ABOUT THIS EXERCISE -
Set each entry down verbatim, omitting images.

SUPPLIED MATERIAL -
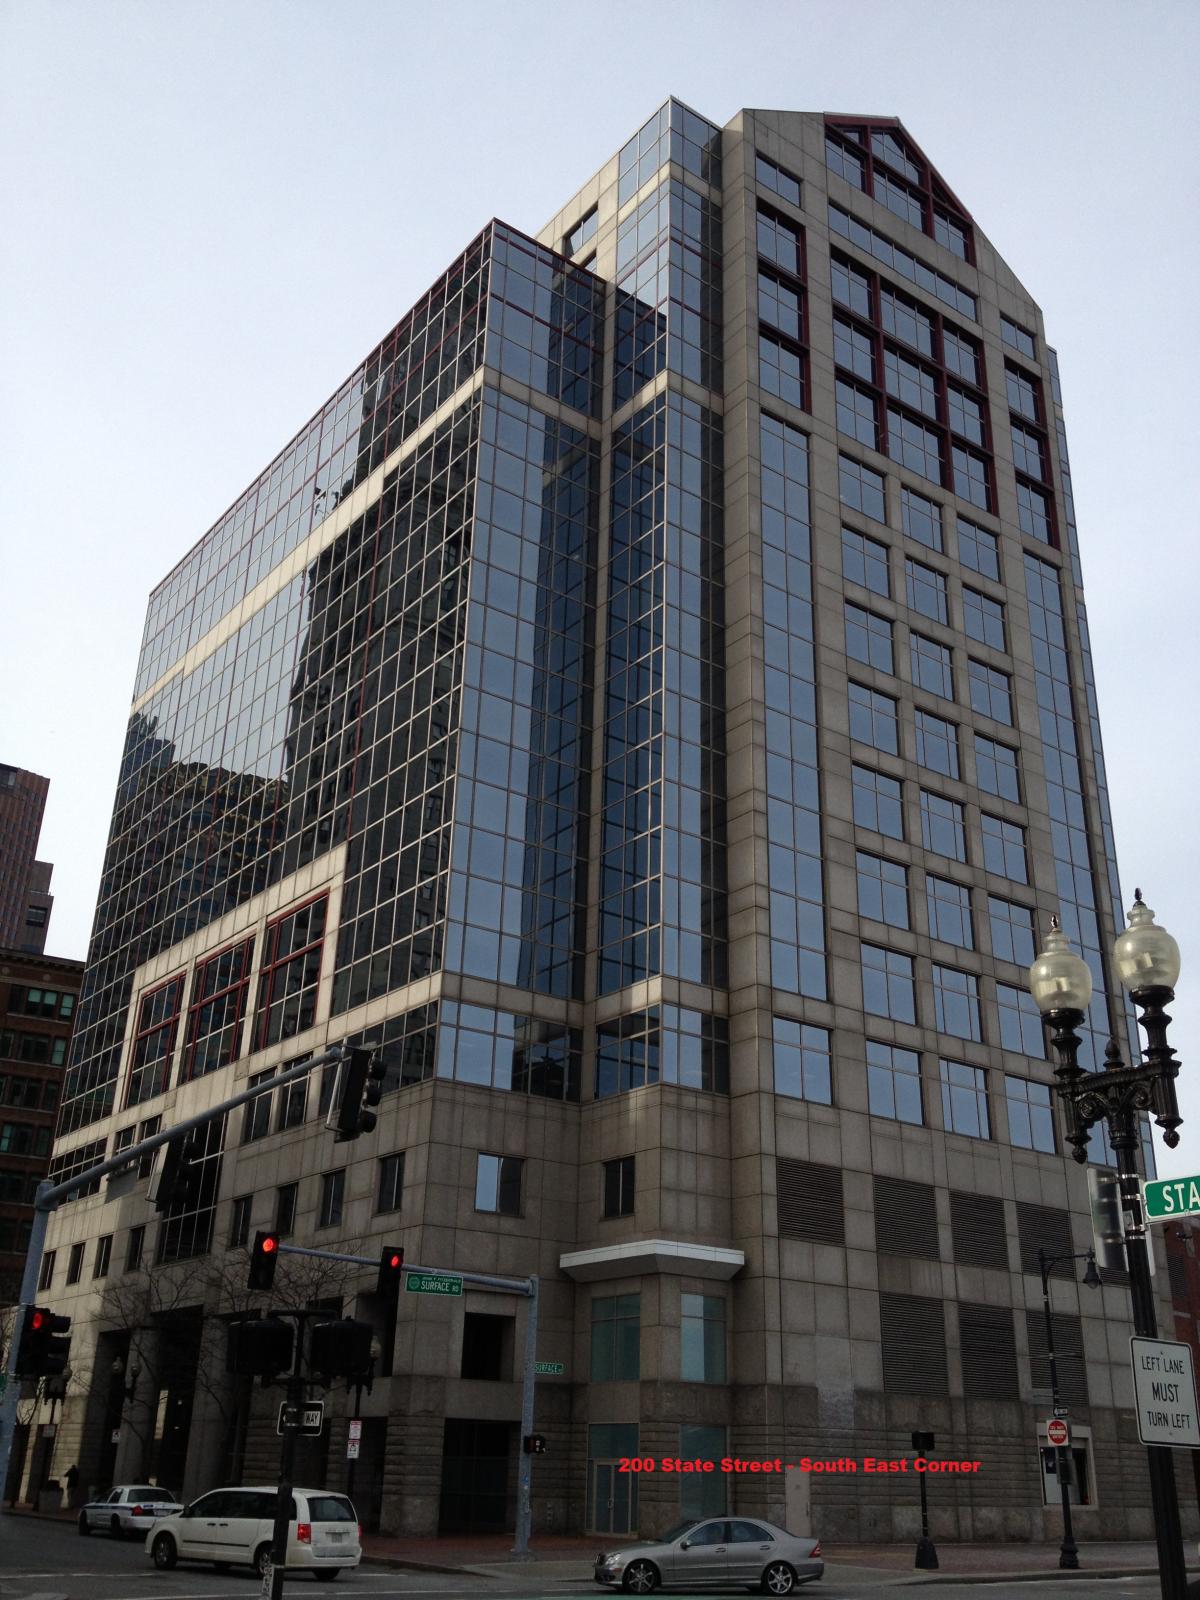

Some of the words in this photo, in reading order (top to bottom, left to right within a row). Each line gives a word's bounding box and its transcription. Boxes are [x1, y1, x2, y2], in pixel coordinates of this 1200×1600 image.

[421, 1280, 450, 1292] SURFACE
[1142, 1355, 1161, 1371] LEFT
[1163, 1358, 1185, 1375] LANE
[1151, 1381, 1179, 1403] MUST
[1147, 1410, 1169, 1427] TURN
[1171, 1413, 1190, 1429] LEFT
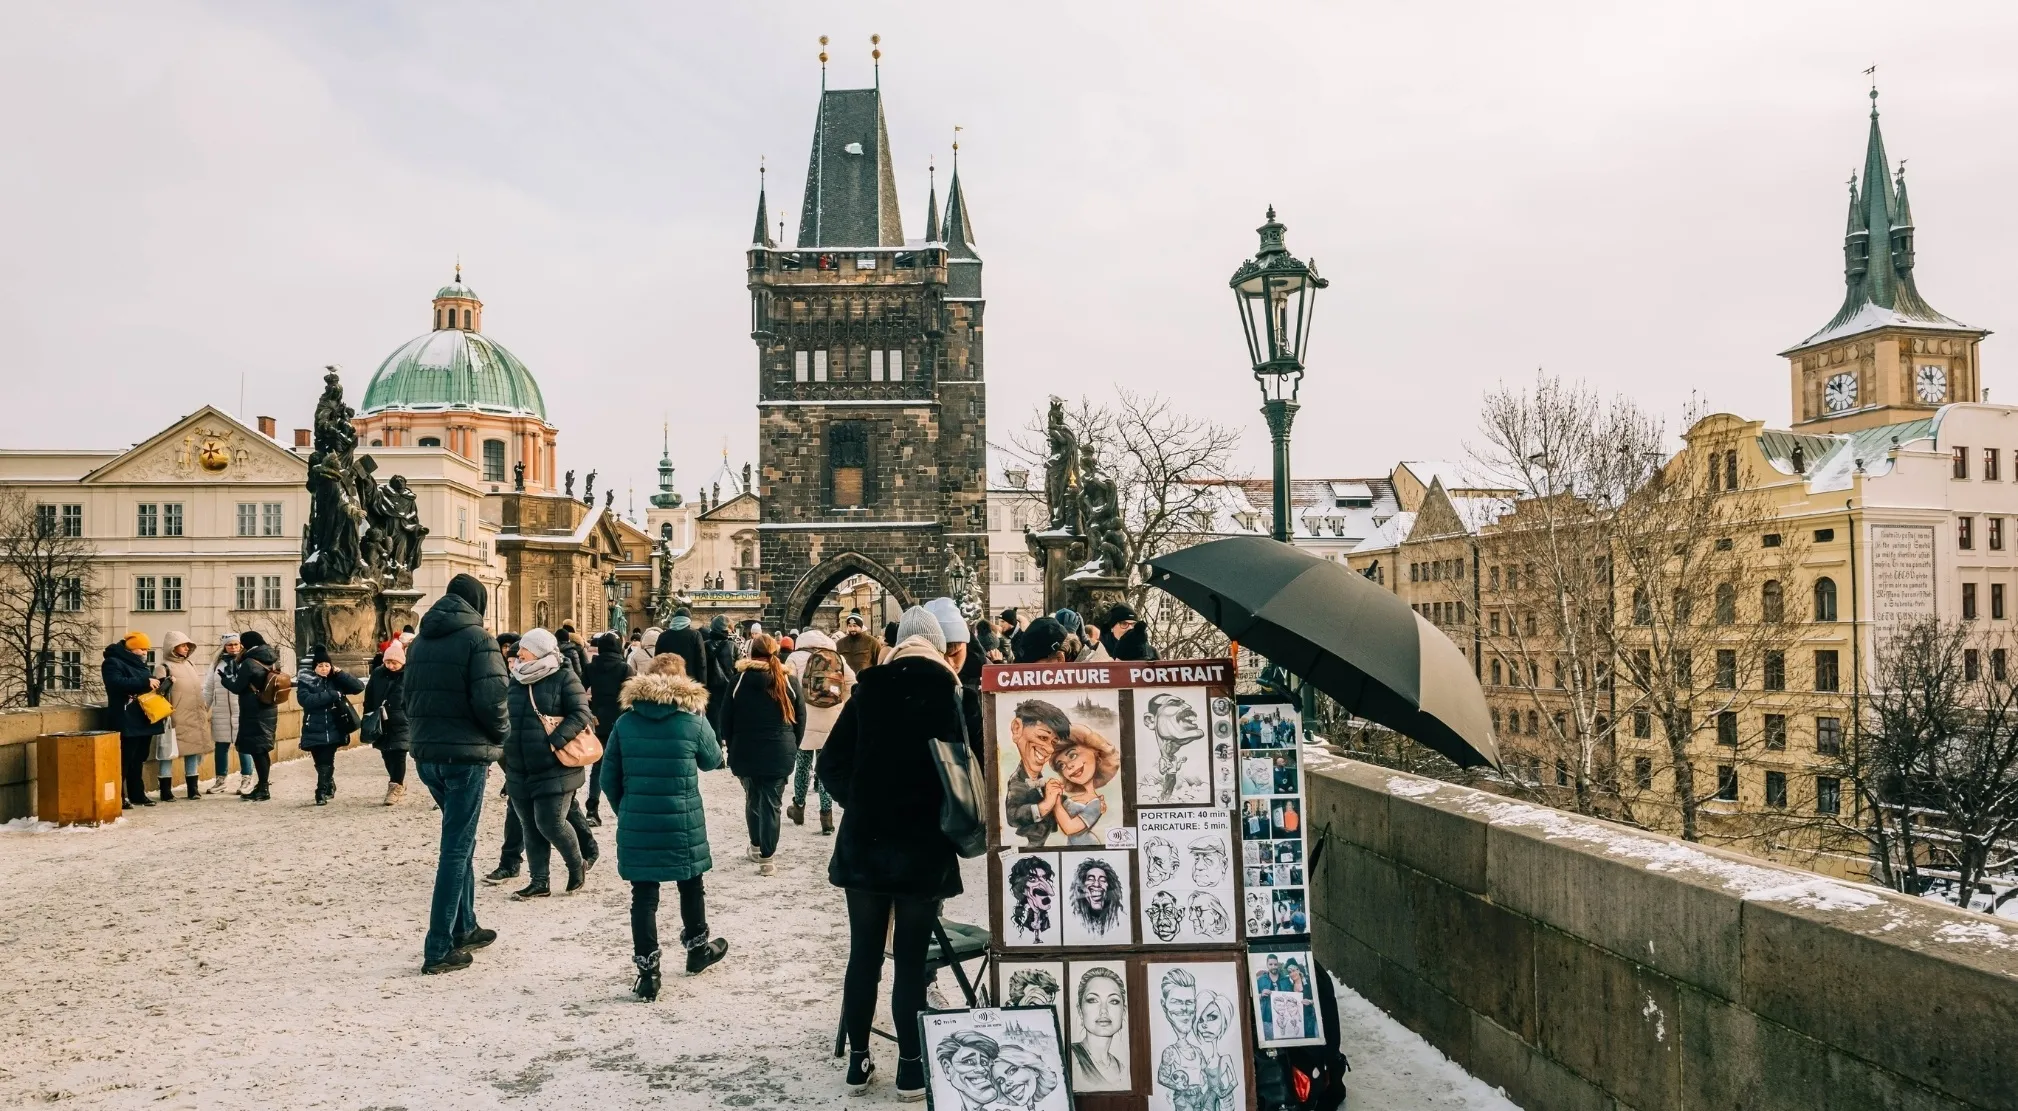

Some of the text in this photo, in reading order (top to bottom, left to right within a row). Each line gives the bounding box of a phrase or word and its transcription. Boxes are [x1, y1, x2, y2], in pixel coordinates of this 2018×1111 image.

[997, 669, 1110, 687] CARICATURE
[1130, 665, 1224, 683] PORTRAIT
[1140, 810, 1228, 820] PORTRAIT: 40 min.
[1141, 822, 1228, 831] CARICATURE: 5 min.

WRITTEN ANSWER -
Some of the words in this photo, in reading order (top to bottom, left to right within a row). Each line gives a word's bounding box and its transcription. Boxes are [x1, y1, x2, y2], in pixel coordinates of this 1200×1600 image.

[421, 1280, 450, 1292] SURFACE
[1142, 1355, 1161, 1371] LEFT
[1163, 1358, 1185, 1375] LANE
[1151, 1381, 1179, 1403] MUST
[1147, 1410, 1169, 1427] TURN
[1171, 1413, 1190, 1429] LEFT

Some of the text in this photo, in reading order (top to bottom, left to right within a row). Each line gives the bounding box of a phrase or word and its transcription. Boxes are [x1, y1, x2, y2], in pixel coordinates of this 2018×1111 image.

[997, 669, 1110, 687] CARICATURE
[1130, 665, 1224, 683] PORTRAIT
[1140, 810, 1228, 820] PORTRAIT: 40 min.
[1141, 822, 1228, 831] CARICATURE: 5 min.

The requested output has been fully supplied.